Personal information
- Full name: Rollo Gillespie O'Dwyer
- Born: 23 March 1900 Gualesquay, Argentina
- Died: 17 September 1964 (aged 64) Gral Galarea, Entre Ríos, Argentina
- Batting: Right-handed
- Role: Wicket-keeper

Career statistics
| Competition | First-class |
| Matches | 3 |
| Runs scored | 4 |
| Batting average | 9.00 |
| 100s/50s | –/– |
| Top score | 9* |
| Catches/stumpings | 4/2 |
- Source: Cricinfo, 26 September 2021

= Rollo O'Dwyer =

Argentine cricketer

Rollo Gillespie O'Dwyer (23 March 1900 – 17 September 1964) was an Argentine first-class cricketer.
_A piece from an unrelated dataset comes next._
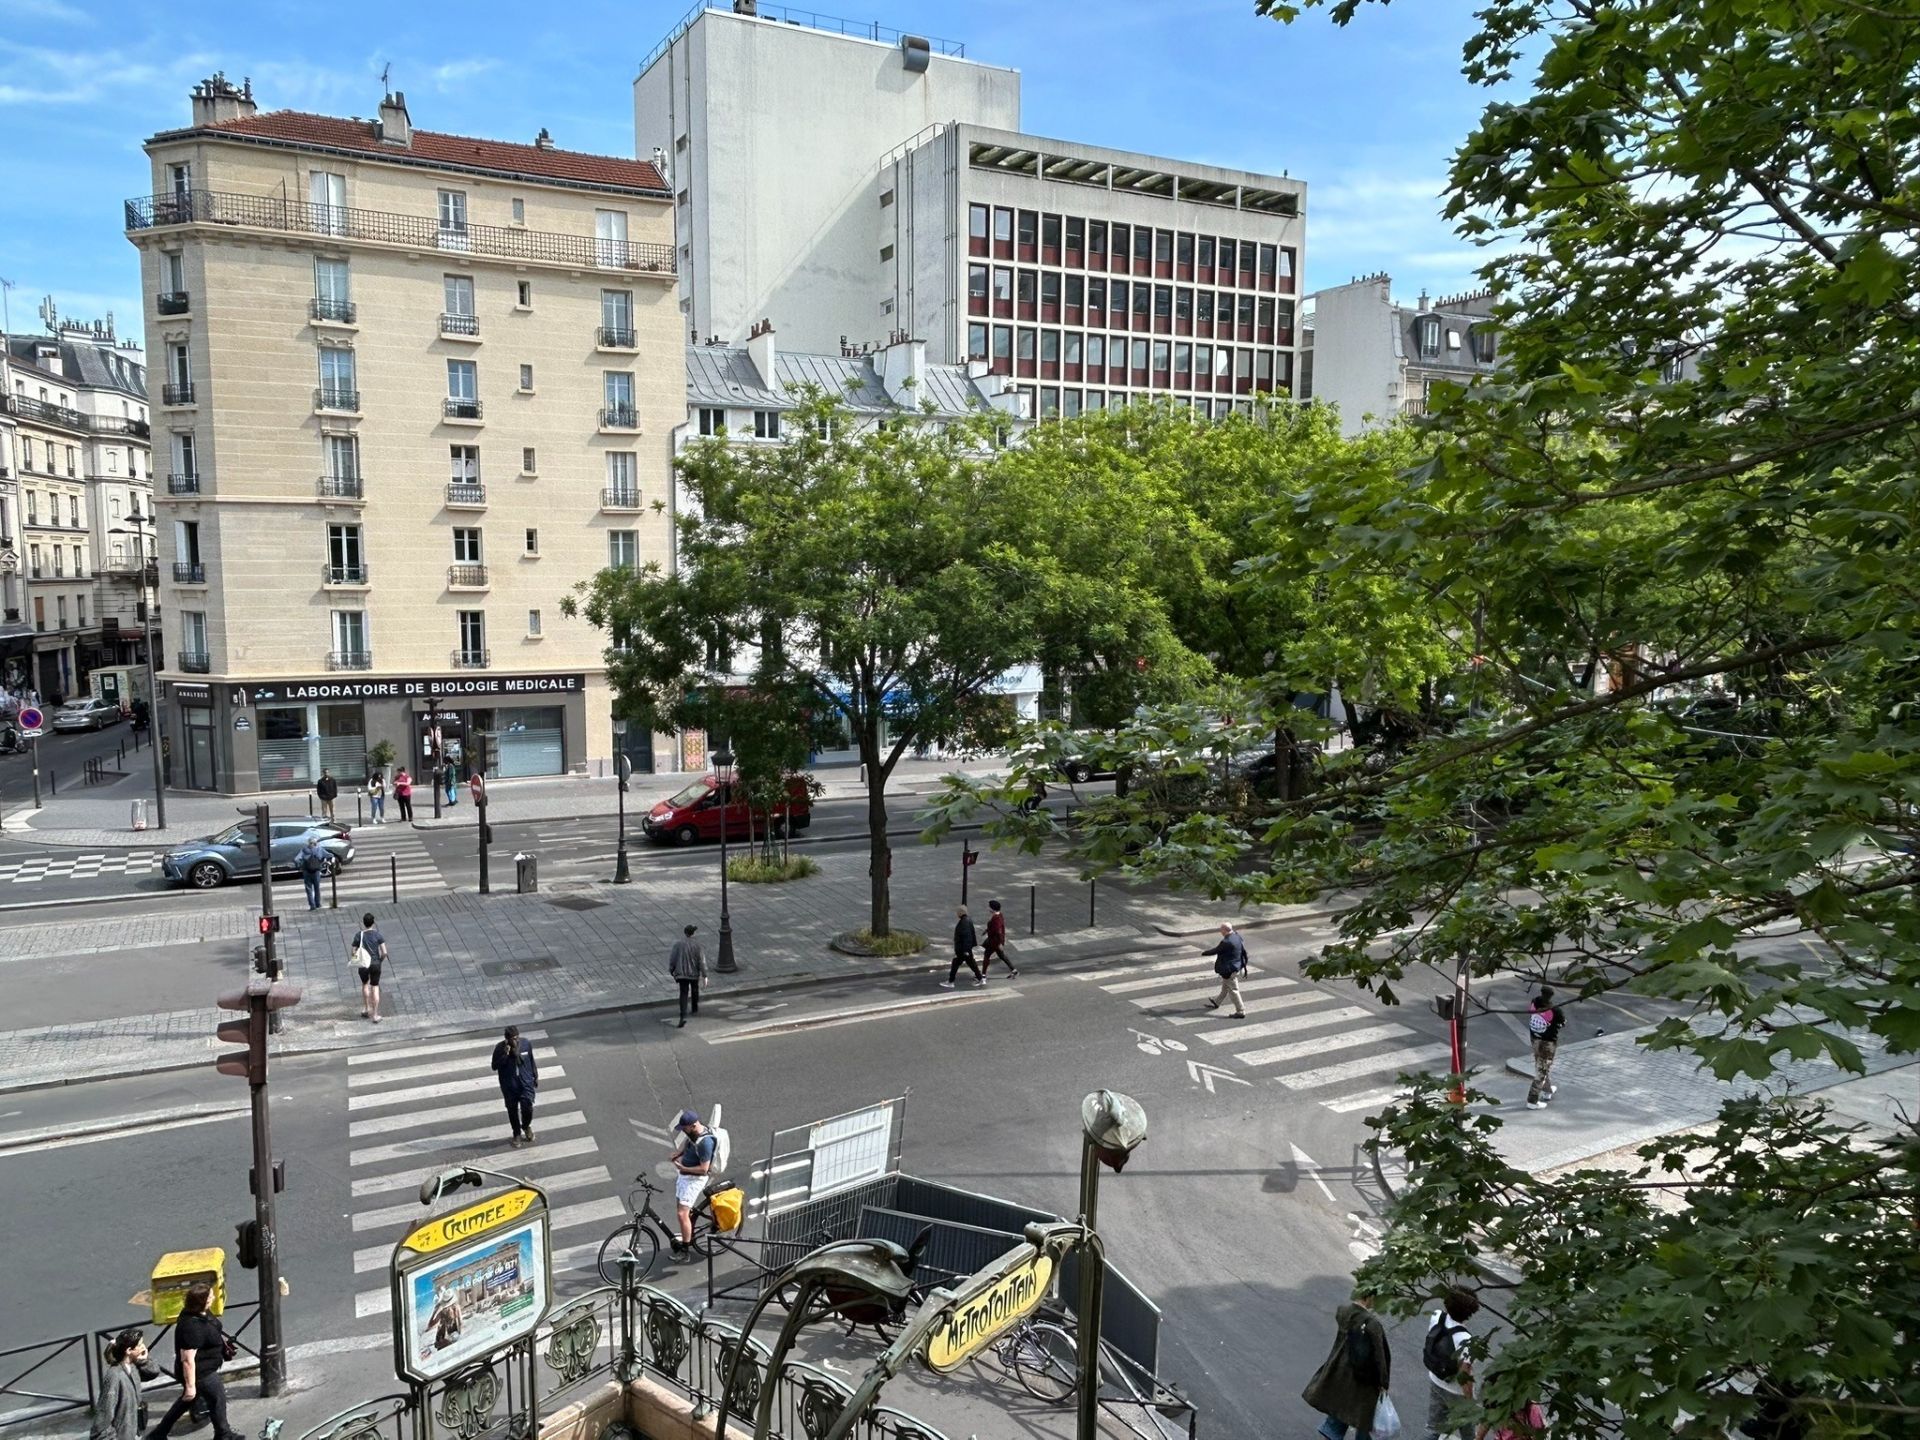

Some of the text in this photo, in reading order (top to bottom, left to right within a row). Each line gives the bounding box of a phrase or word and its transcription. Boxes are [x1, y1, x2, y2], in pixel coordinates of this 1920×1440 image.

O'Dwyer was born at Gualesquay in March 1900 and was educated in England at Rugby School. In March 1919, five months after the end of the First World War, O'Dwyer was commissioned as a second lieutenant in the 5th Reserve Regiment. Later returning to Argentina, he made three appearances in first-class cricket in March 1930 for Argentina against Sir Julien Cahn's personal eleven, which was touring South America. The three-match series was won 1–0 by the tourists, with two matches ending in a draw. Playing as a wicket-keeper, he took 4 catches and made 2 stumpings across the series. O'Dwyer died in hospital at Gral Galarea in Entre Ríos Province in September 1964.